Task to complete: Return the data word for word. Pictures are to be omitted.

= = = = =

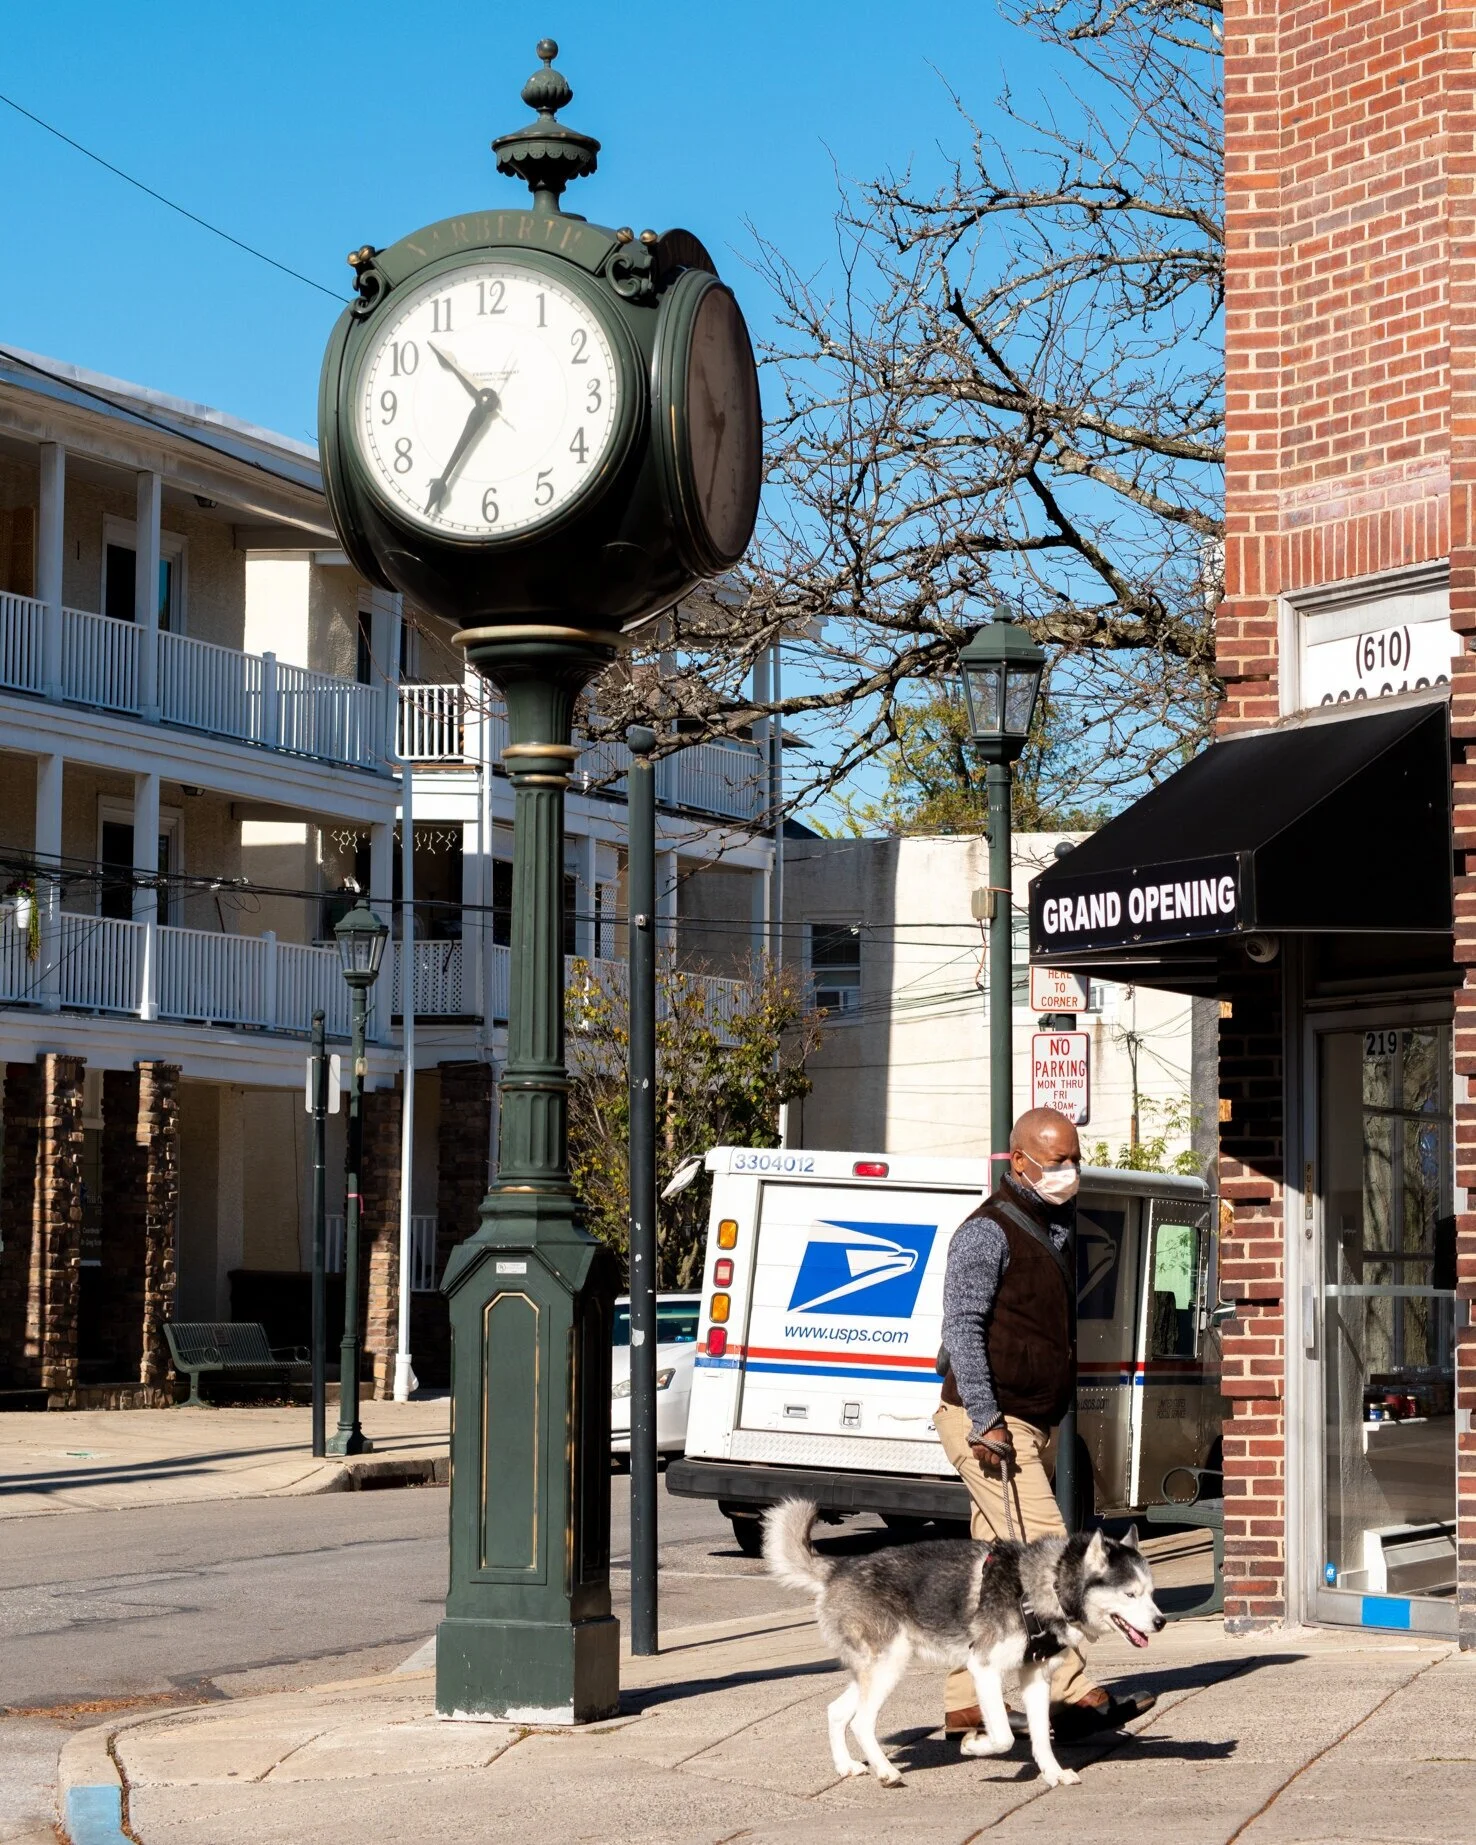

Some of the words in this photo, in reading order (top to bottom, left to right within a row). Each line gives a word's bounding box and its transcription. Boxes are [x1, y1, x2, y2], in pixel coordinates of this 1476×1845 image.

[430, 297, 454, 333] 11
[476, 280, 507, 315] 12
[536, 293, 548, 328] 1
[390, 341, 419, 377] 10
[571, 329, 590, 364] 2
[381, 390, 397, 425] 9
[586, 379, 602, 414] 3
[394, 438, 412, 473] 8
[569, 427, 589, 463] 4
[534, 466, 554, 506] 5
[481, 488, 499, 523] 6
[1355, 625, 1411, 679] (610)
[1043, 892, 1121, 934] GRAND
[1128, 876, 1235, 924] OPENING
[1041, 996, 1078, 1007] CORNER
[1055, 982, 1066, 993] TO
[1050, 1038, 1070, 1056] NO
[1366, 1031, 1397, 1056] 219
[1035, 1060, 1085, 1077] PARKING
[1037, 1080, 1056, 1089] MON
[1061, 1079, 1084, 1088] THRU
[1053, 1090, 1068, 1100] FRI
[735, 1153, 815, 1173] 3304012
[784, 1325, 909, 1345] www.usps.com

= = = = =

Solution:
Some of the words in this photo, in reading order (top to bottom, left to right within a row). Each line gives a word's bounding box and its transcription. Boxes are [x1, y1, x2, y2], in pixel coordinates of this 1476×1845 image.

[430, 297, 454, 333] 11
[476, 280, 507, 315] 12
[536, 293, 548, 328] 1
[390, 341, 419, 377] 10
[571, 329, 590, 364] 2
[381, 390, 397, 425] 9
[586, 379, 602, 414] 3
[394, 438, 412, 473] 8
[569, 427, 589, 463] 4
[534, 466, 554, 506] 5
[481, 488, 499, 523] 6
[1355, 625, 1411, 679] (610)
[1043, 892, 1121, 934] GRAND
[1128, 876, 1235, 924] OPENING
[1041, 996, 1078, 1007] CORNER
[1055, 982, 1066, 993] TO
[1050, 1038, 1070, 1056] NO
[1366, 1031, 1397, 1056] 219
[1035, 1060, 1085, 1077] PARKING
[1037, 1080, 1056, 1089] MON
[1061, 1079, 1084, 1088] THRU
[1053, 1090, 1068, 1100] FRI
[735, 1153, 815, 1173] 3304012
[784, 1325, 909, 1345] www.usps.com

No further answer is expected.